I am running a sentence transformer model and trying to truncate my tokens, but it doesn't appear to be working. My code is
from transformers import AutoModel, AutoTokenizer
model_name = "sentence-transformers/paraphrase-MiniLM-L6-v2"
model = AutoModel.from_pretrained(model_name)
tokenizer = AutoTokenizer.from_pretrained(model_name)
text_tokens = tokenizer(text, padding=True, truncation=True, return_tensors="pt")
text_embedding = model(**text_tokens)["pooler_output"]
I keep getting the following warning:
Token indices sequence length is longer than the specified maximum sequence length
for this model (909 > 512). Running this sequence through the model will result in
indexing errors
I am wondering why setting truncation=True
is not truncating my text to the desired length?

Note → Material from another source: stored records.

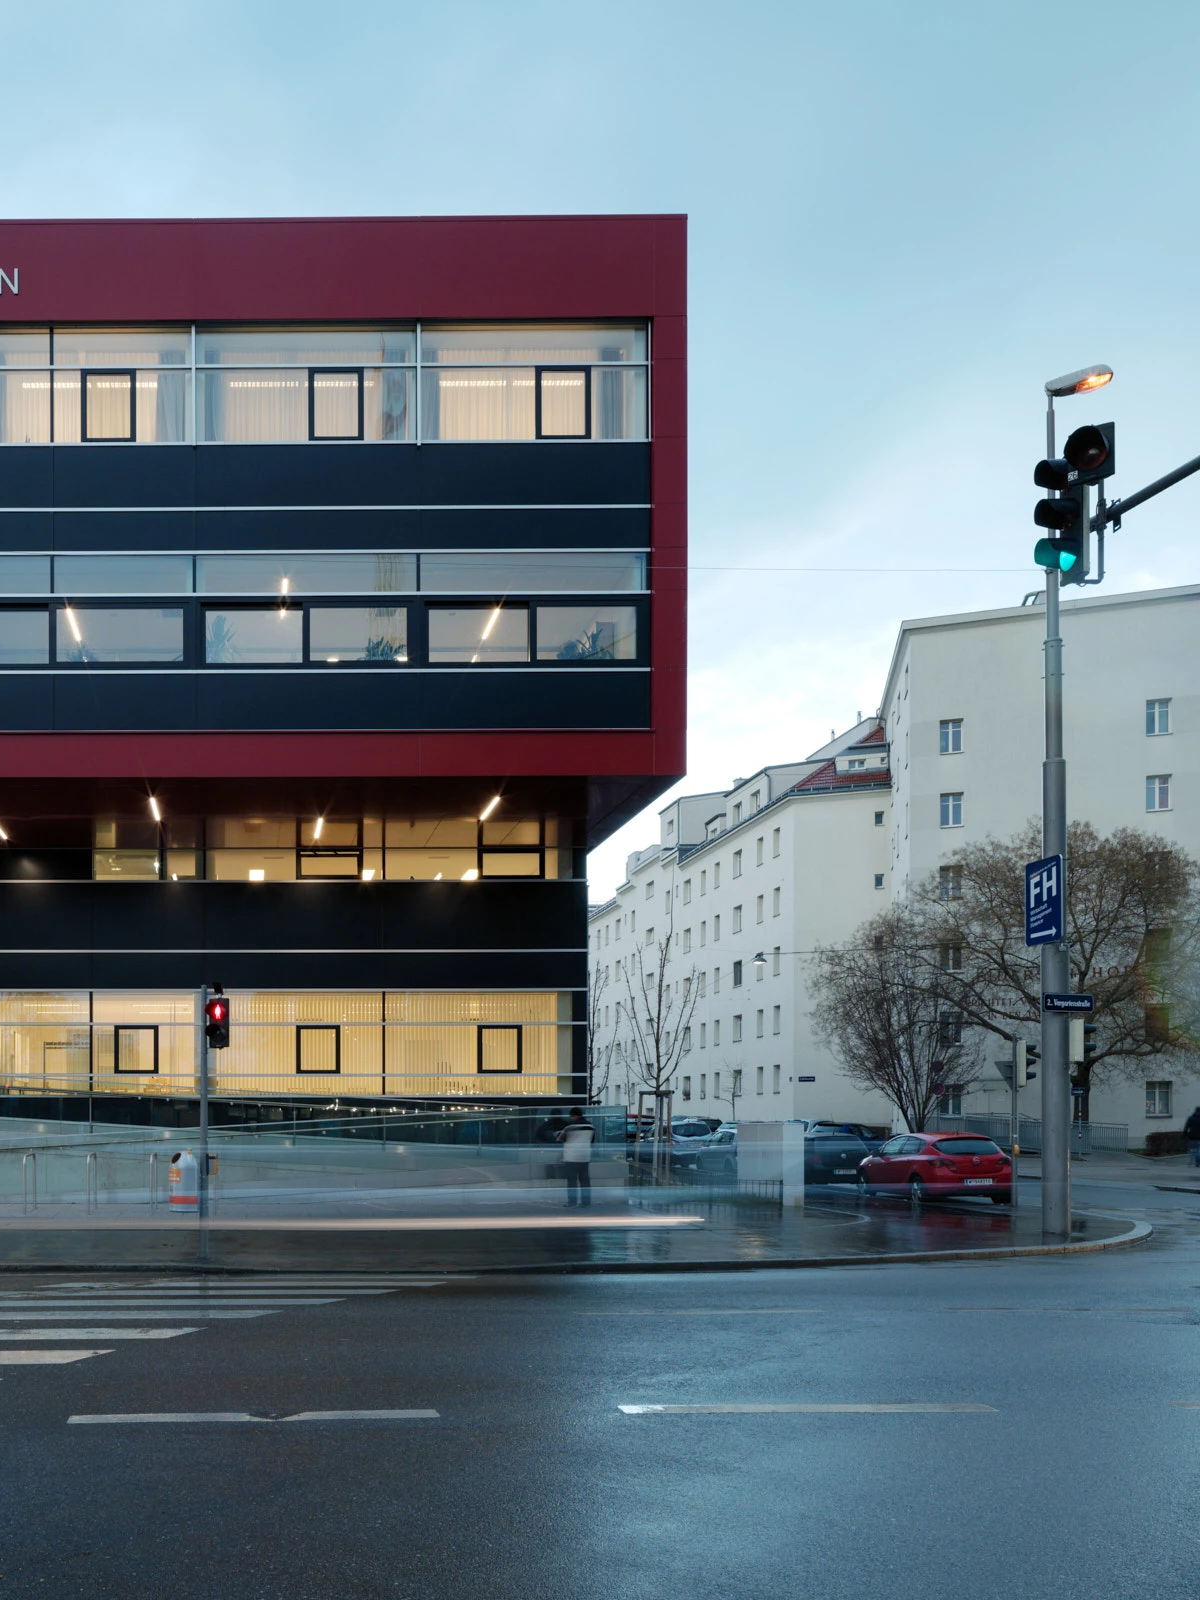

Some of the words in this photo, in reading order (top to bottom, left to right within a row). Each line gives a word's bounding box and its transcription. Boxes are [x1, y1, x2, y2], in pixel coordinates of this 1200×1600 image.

[1029, 866, 1057, 909] FH
[1029, 907, 1053, 922] Management
[1053, 998, 1091, 1009] Vorgartenstraße
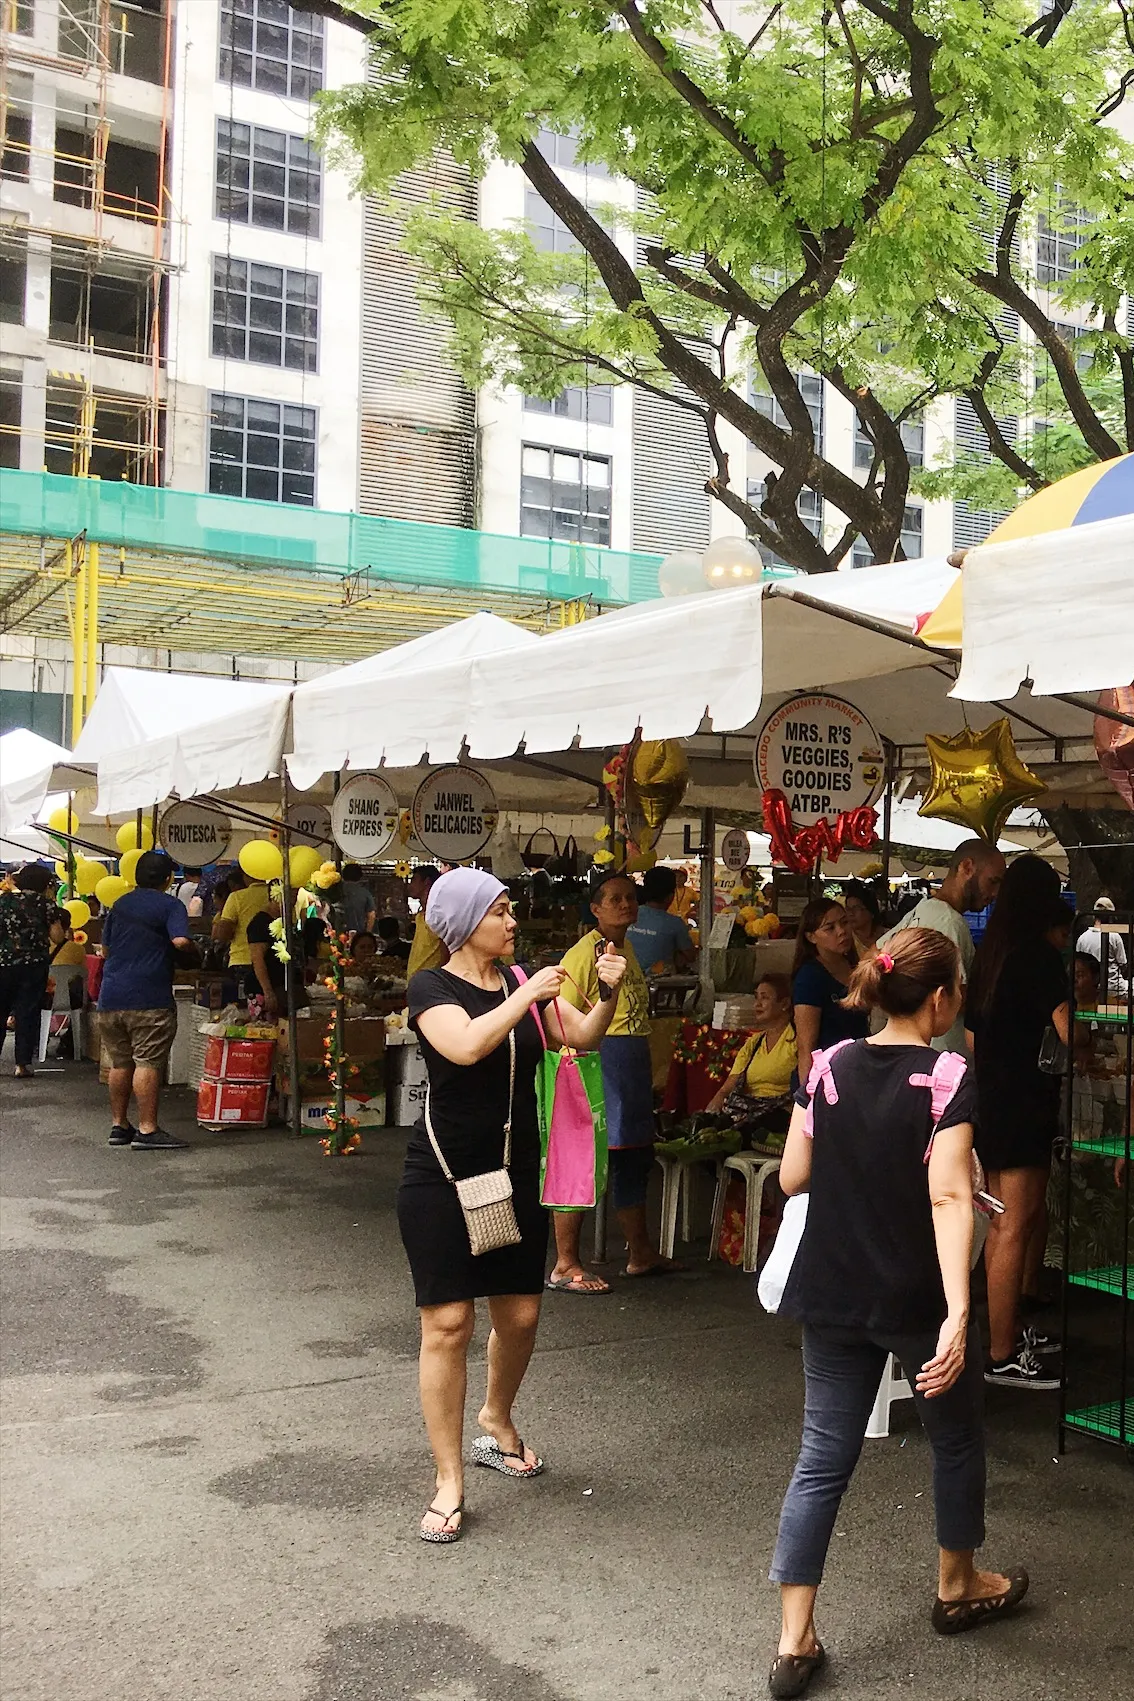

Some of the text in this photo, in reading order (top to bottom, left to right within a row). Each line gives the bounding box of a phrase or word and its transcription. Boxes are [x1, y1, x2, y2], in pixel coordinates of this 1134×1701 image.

[759, 697, 864, 787] SALCEDO COMMUNITY MARKET
[785, 721, 852, 745] MRS. R'S
[781, 744, 854, 773] VEGGIES,
[782, 768, 852, 792] GOODIES
[348, 798, 380, 817] SHANG
[434, 791, 475, 813] JANWEL
[791, 793, 842, 814] ATBP...
[168, 824, 217, 843] FRUTESCA
[342, 818, 383, 838] EXPRESS
[424, 813, 483, 835] DELICACIES

You need to add the max_length
parameter while creating the tokenizer like below:
text_tokens = tokenizer(text, padding=True, max_length=512, truncation=True, return_tensors="pt")
truncation=True
without max_length
parameter takes sequence length equal to maximum acceptable input length by the model.
It is 1e30
or 1000000000000000019884624838656
for this model. You can check by printing out tokenizer.model_max_length
.
According to the Huggingface documentation about truncation
,
True or 'only_first' truncate to a maximum length specified by the max_length argument or the maximum length accepted by the model if no max_length is provided (max_length=None).